# Neuer Monitor, 144hz, G-.Sync unbedingt notwendig ?



## Vito90 (29. April 2017)

Hallo zusammen,

ich möchte mir nach langer Überlegung einen 144hz Monitor zulegen. 

Mein Setup:

i7 6700K @ 4,5 Ghz
MSI GTX 980TI
16GB DDR4-3000

Jetzt habe ich z.B. diesen gefunden, da ich auch nicht zwingend viel Geld ausgeben wollte:  ASUS VG248QE, LED-Monitor schwarz, 3D, DisplayPort, HDMI, DVI-D '('HDCP')'
Meine Frage ist nun, dieser Monitor hat zwar 144hz , allerdings kein G-Sync.
Ich spiele aktuell CSGO, BF1 und Playerunknonws battlegrounds. 

Die Frage die sich mir nun stellt, kann ich auf G-Sync "verzichten" oder lieber doch mehr Geld in die Hand nehmen für zb diesen Monitor: AOC g2460Pg NVIDIA(R) G-Sync™, LED-Monitor schwarz, DisplayPort, USB 3.0

Ich kenne mich in diesem Bereich leider nicht soooooooo gut aus !

Vorab schonmal vielen Dank für eure Hilfe !


----------



## IICARUS (29. April 2017)

Komme mit meinen 120Hz auch ohne G-Sync  gut aus.
Zumindest ist es viel besser geworden so das ich kaum irgendwo noch V-Sync nutzen muss.

Bei meinem nächsten Monitor würde ich aber dennoch versuchen mir was mit G-Sync  zu kaufen, denn es ist schon besser wenn G-Sync mit dabei ist.


----------



## JoM79 (29. April 2017)

Wenn Gsync nicht wirklich was extra kostet, sollte man es nehmen. 
Aber in deinem Fall, würde ich das nicht tun. 
Gut, den Asus würde ich auch nicht nehmen


----------



## Threshold (29. April 2017)

GSync kostet halt eine Menge Aufpreis.
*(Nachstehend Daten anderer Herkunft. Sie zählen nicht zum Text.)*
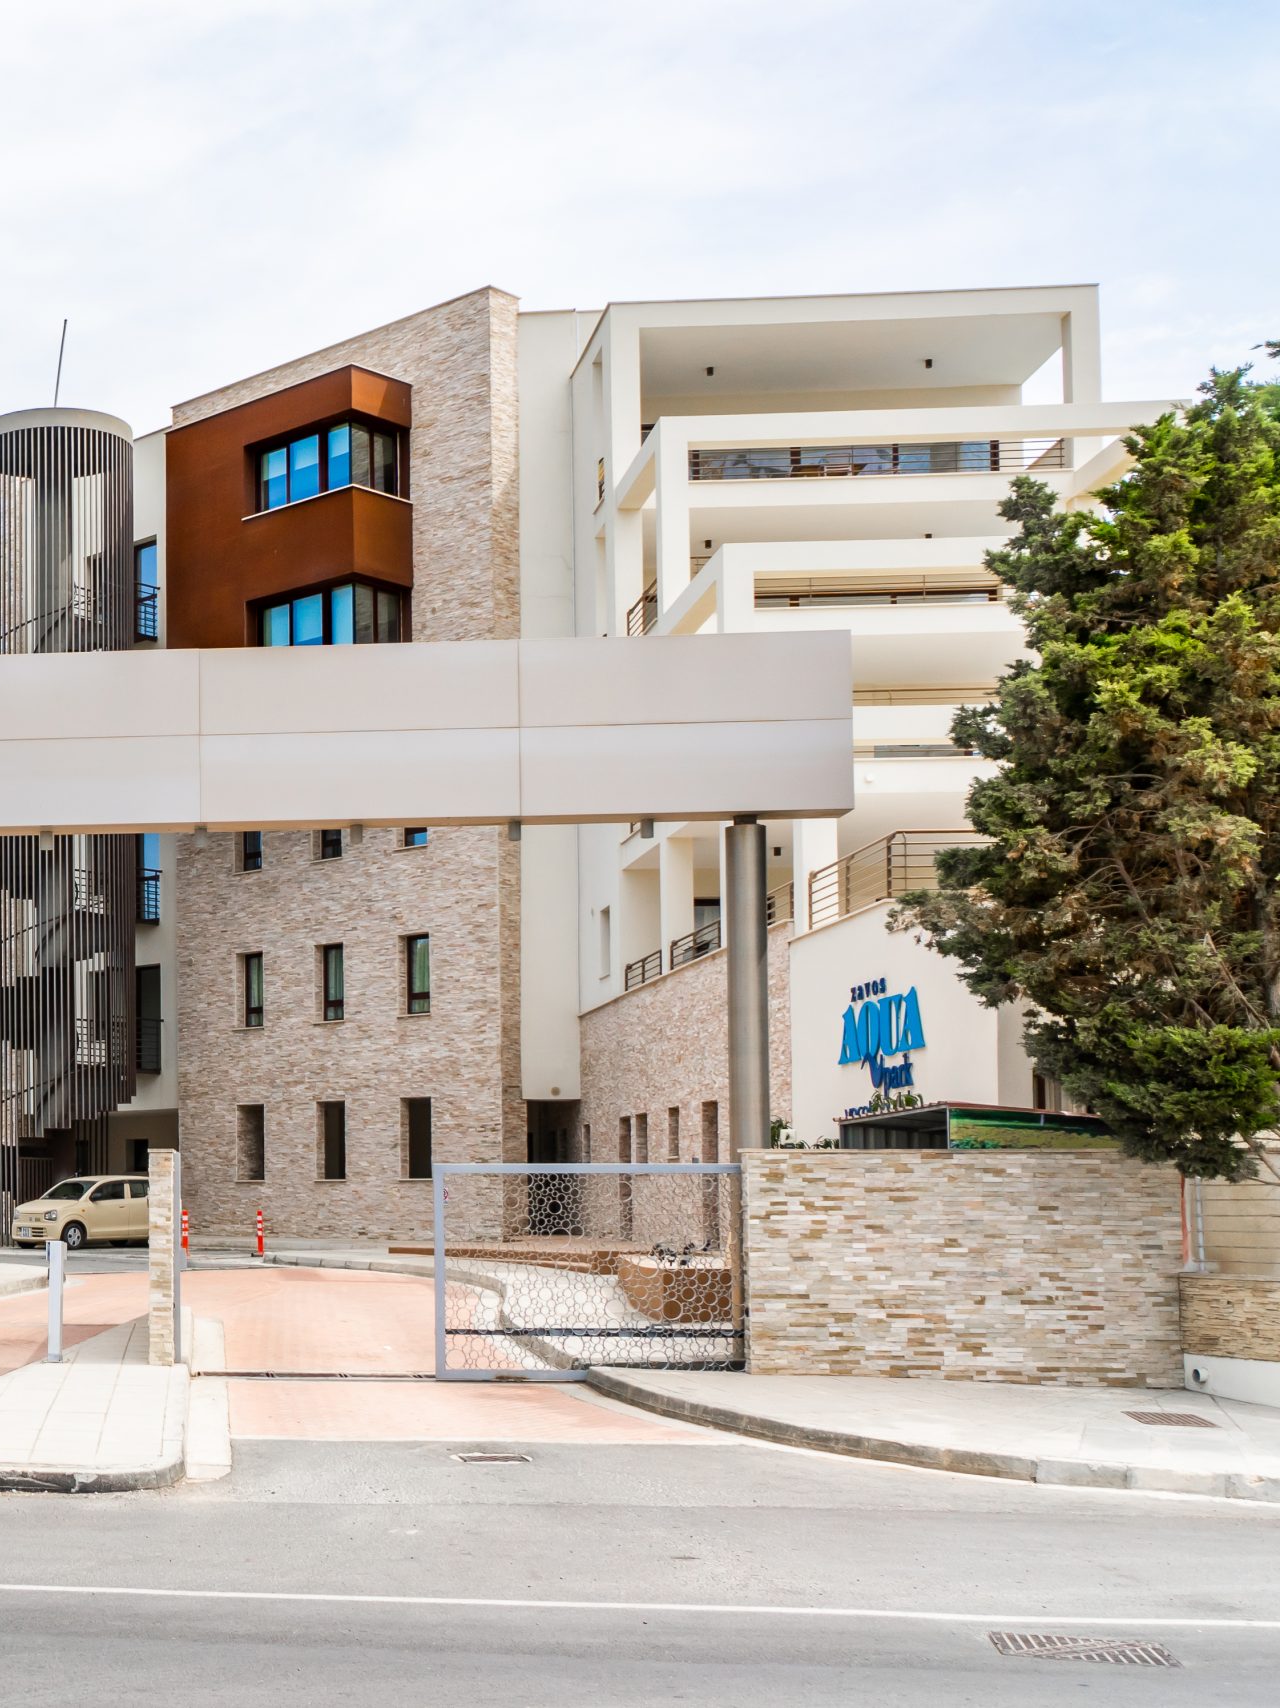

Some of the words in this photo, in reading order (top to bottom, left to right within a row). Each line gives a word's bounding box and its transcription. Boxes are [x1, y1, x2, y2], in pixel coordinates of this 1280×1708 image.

[851, 977, 887, 1003] zavos
[838, 985, 926, 1089] AQUA
[882, 1052, 914, 1098] park
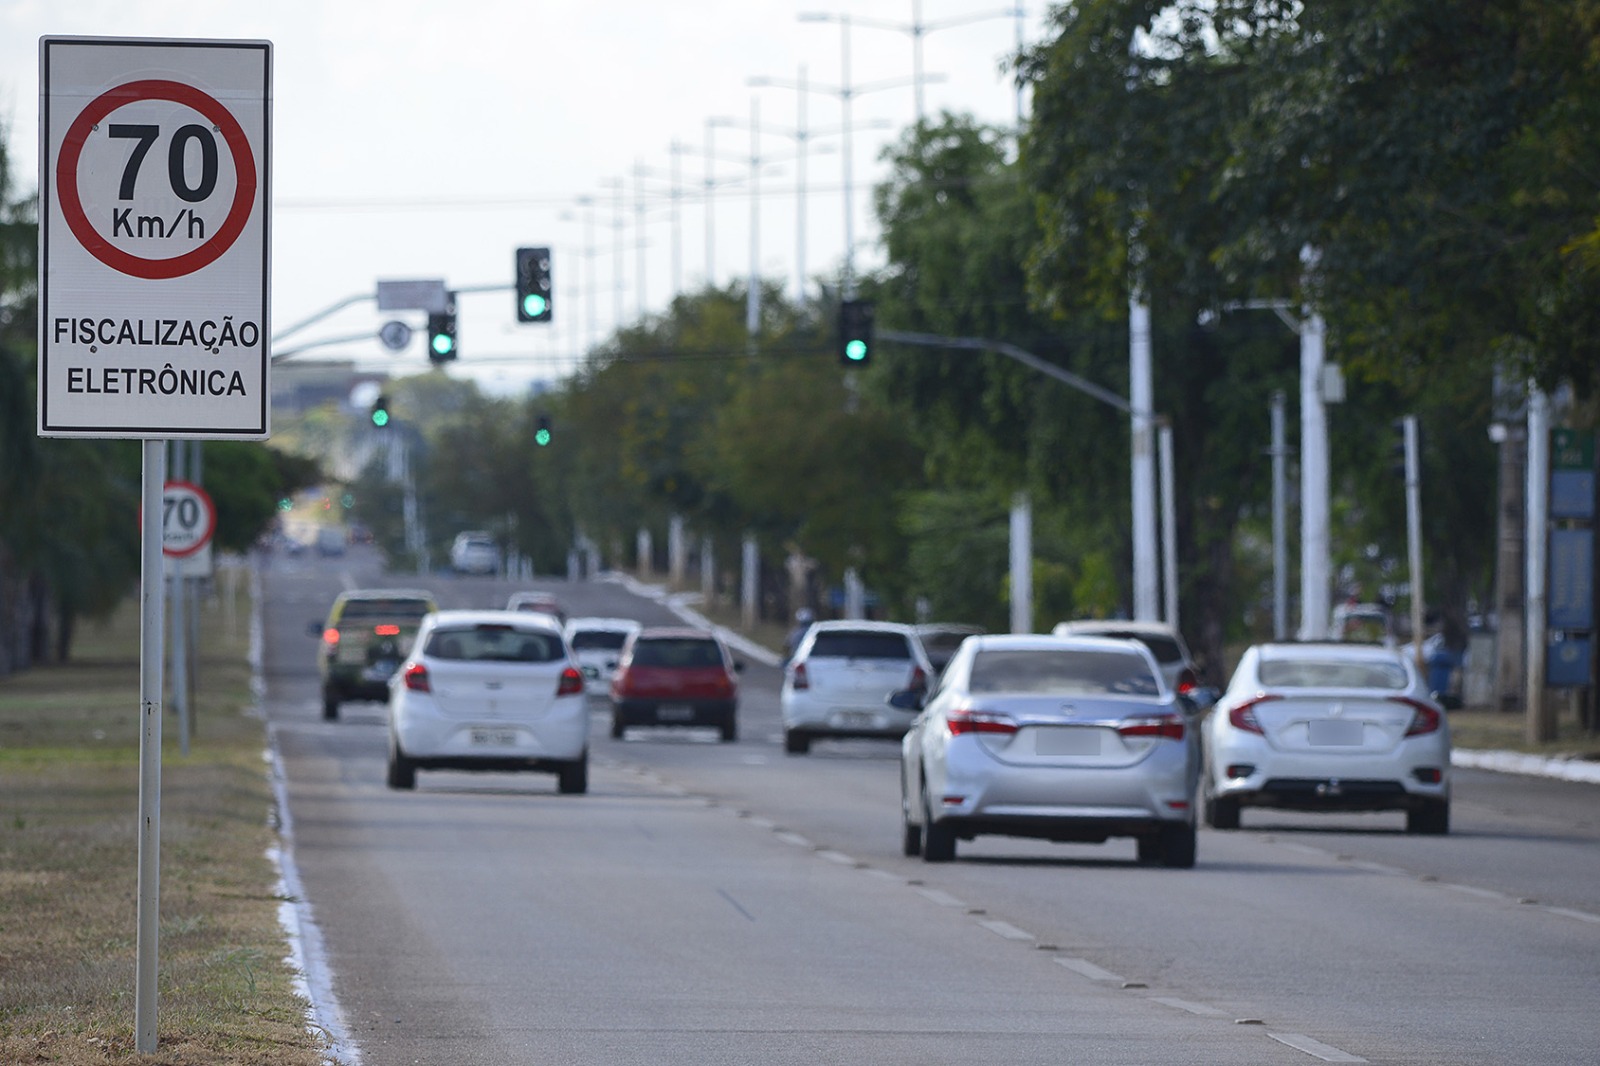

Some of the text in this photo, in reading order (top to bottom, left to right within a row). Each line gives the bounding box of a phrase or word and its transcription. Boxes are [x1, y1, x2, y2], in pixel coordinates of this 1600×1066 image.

[108, 123, 219, 203] 70
[113, 207, 206, 239] Km/h
[54, 315, 260, 351] FISCALIZAÇÃO
[67, 362, 247, 397] ELETRÔNICA
[163, 496, 200, 530] 70
Musst du wissen, ob es dir das Wert ist.
Mir wäre es das nicht.


----------



## Darkseth (30. April 2017)

Weder noch.

Wenn du günstig unterwegs sein willst: Acer XF240Hbmjdpr Preisvergleich | Geizhals Deutschland
Sogar mit guter Freesync Range und LFC support.
Kannst du zwar mit Nvidia nicht nutzen, aber vielleicht rüstest du ja irgendwann auf AMD auf, oder verkaufst den Monitor. In beiden Fällen ist Freesync dann nice to have, verglichen zu "kein -sync".

Den AOC Monitor würde ich grundsätzlich nicht nehmen. Schlechtes P/L verhältnis, da nur mickrige Full HD auflösung zu dem Preis. ^^ Hat auch "nur" ein 6-bit TN panel.
Denn: Acer Predator XB241YUbmiprz Preisvergleich | Geizhals Deutschland 
Für 50€ mehr bekommst du eine 1440p Auflösung, mit einem 8-bit TN Panel, was 80% mehr Pixel ergibt auf gleicher Fläche, und eben mehr platz / schärfe.
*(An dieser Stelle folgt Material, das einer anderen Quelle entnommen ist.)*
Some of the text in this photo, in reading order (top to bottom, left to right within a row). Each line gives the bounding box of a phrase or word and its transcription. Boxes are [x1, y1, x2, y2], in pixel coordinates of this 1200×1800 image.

Wenn man schon 400€~ für G-Sync ausgibt, dann doch gleich mit 1440p anfangen. Dann ist der Aufpreis nämlich auch nicht mehr so hoch, denn die Freesync version von 1440p / 23,8" / 144 Hz kostet 370€: AOC Agon AG241QX Preisvergleich | Geizhals Deutschland
Nur unterstützt der G-Sync monitor 165 Hz via OC, statt 144 Hz (gut, ob man das merkt..), ULMB wenn du Ghosting reduzieren willst, und g-Sync funktioniert auch unter der min-grenze. 
Wobei das irrelevant ist, da man grundsätzlich nicht unter 30 fps kommen sollte. Bzw, bei Shootern 60 als absolutes minimum.
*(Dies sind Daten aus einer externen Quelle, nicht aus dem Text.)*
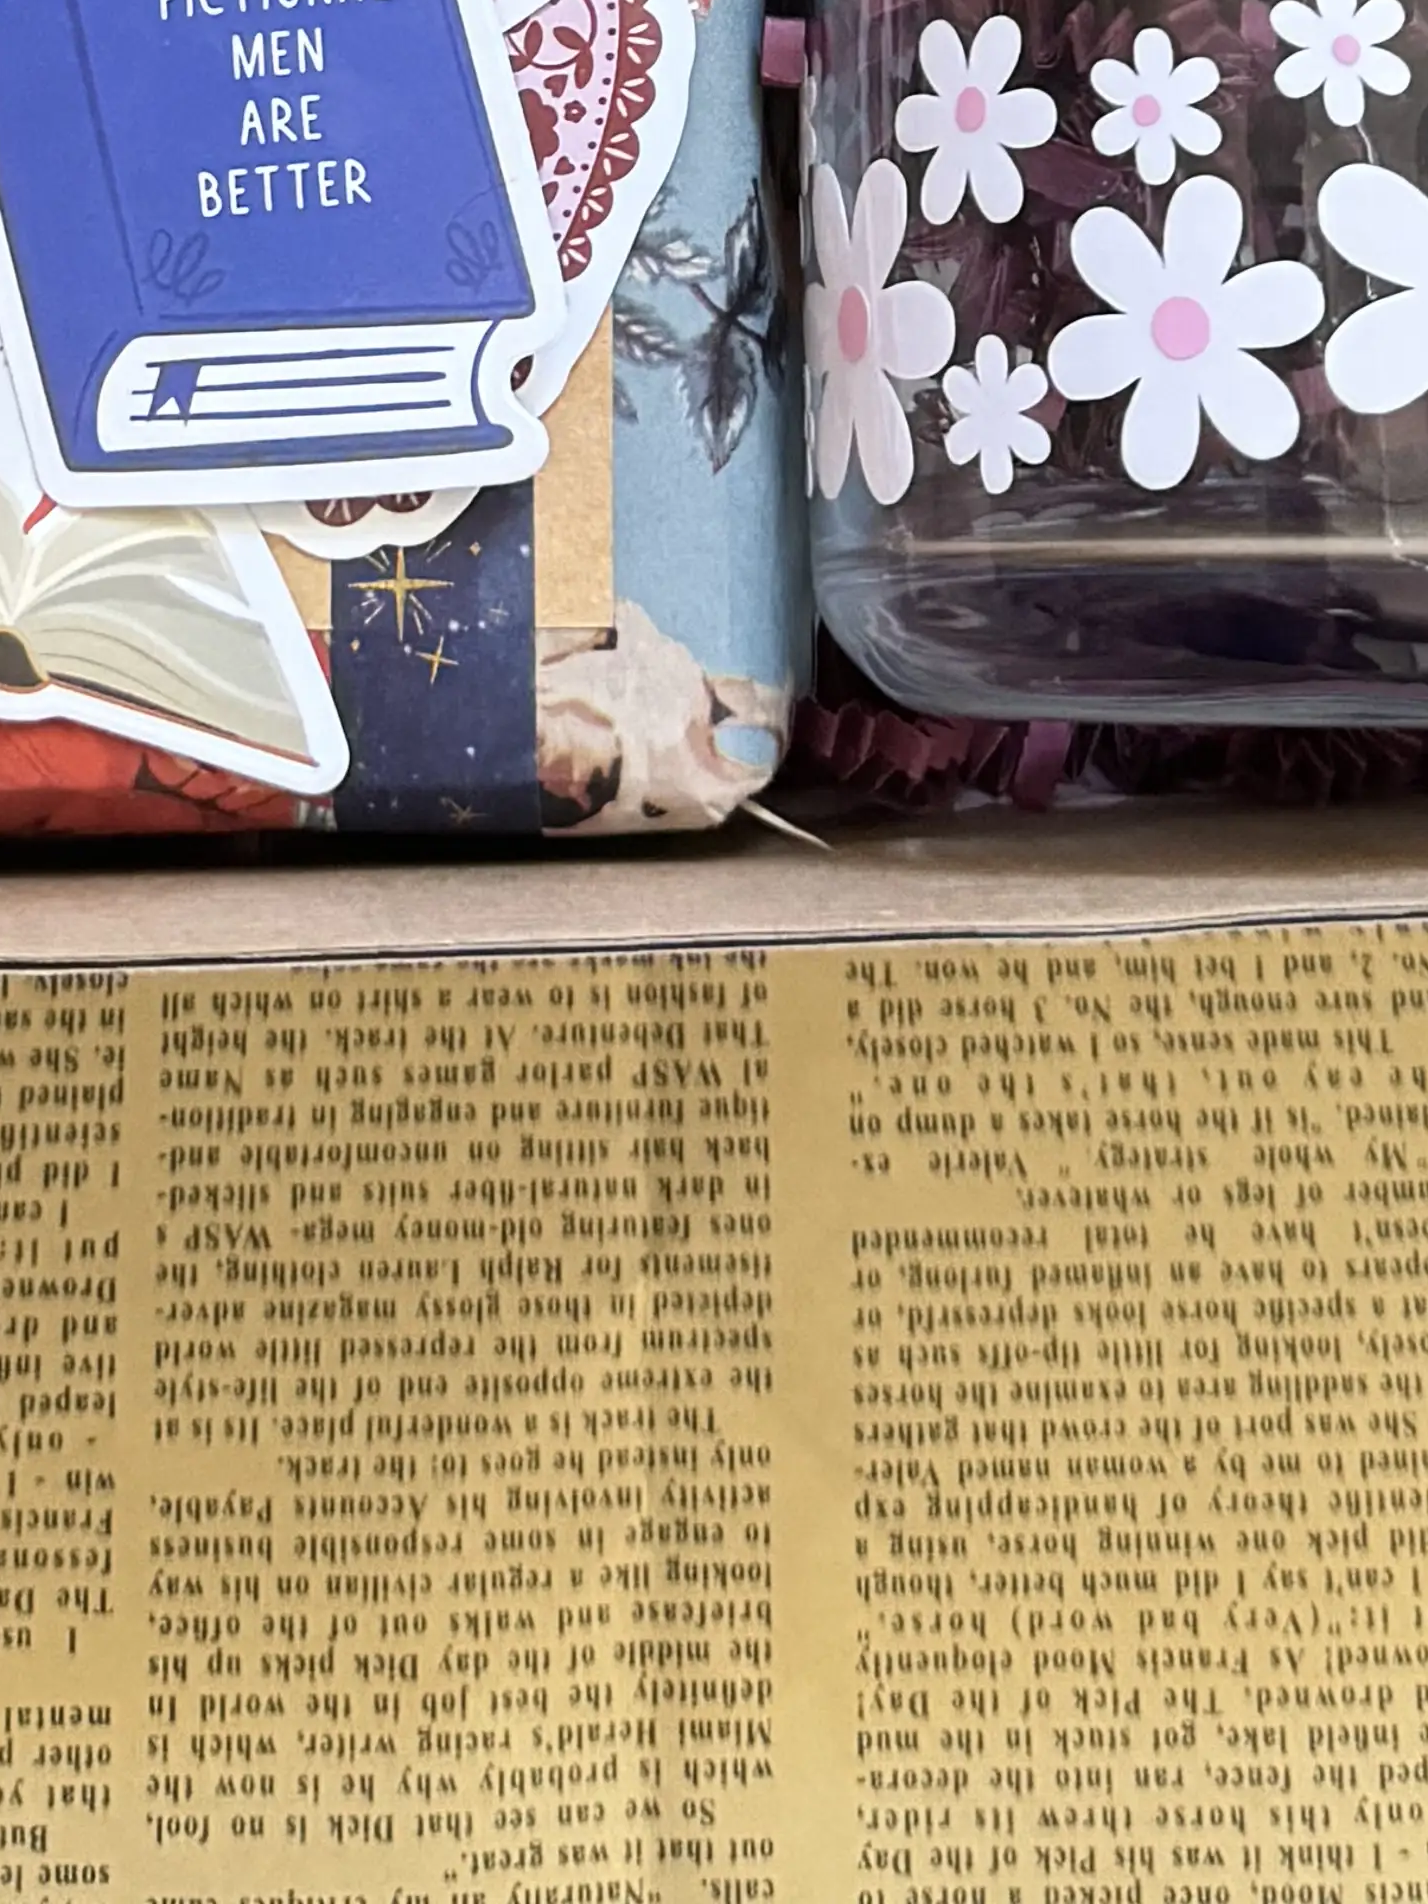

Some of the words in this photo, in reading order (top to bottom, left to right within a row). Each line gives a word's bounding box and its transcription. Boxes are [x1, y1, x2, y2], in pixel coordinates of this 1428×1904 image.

Kurz gesagt: Wenn G-Sync, dann gleich mit 1440p anfangen. Die 1080p Modelle sind preislich nur geringfügig günstiger, und damit uninteressant.

Ist natürlich schwer für dich zu entscheiden, ob du für g-Sync den Aufpreis zahlen solltest, oder nicht.
Ich sage: Bestell den Acer für 469€~, probier es selbst aus. Dann weißt du, ob G-Sync etwas ist, was für dich einen Mehrwert bietet, oder eben nicht.

Allerdings.. du spielst nicht gerade die herbsten Grafik-knaller.... Deine GTX 980 ti sollte problemlos in der Lage sein, gute fps in 1440p zu fahren  
BF1 ist zwar ein Grafik knaller, aber so gut optimiert, dass die fps sehr gut sind im Verhältnis zur Optik. 
Da wäre 1080p doch minimal verschwendung... ^^

Bedenke, dein Monitor sollte schon länger halten als ne Grafikkarte. Warum also für nen Monitor nur 250€~ ausgeben, wenn er länger genutzt wird, als ne 600€+ grafikkarte? ^^


----------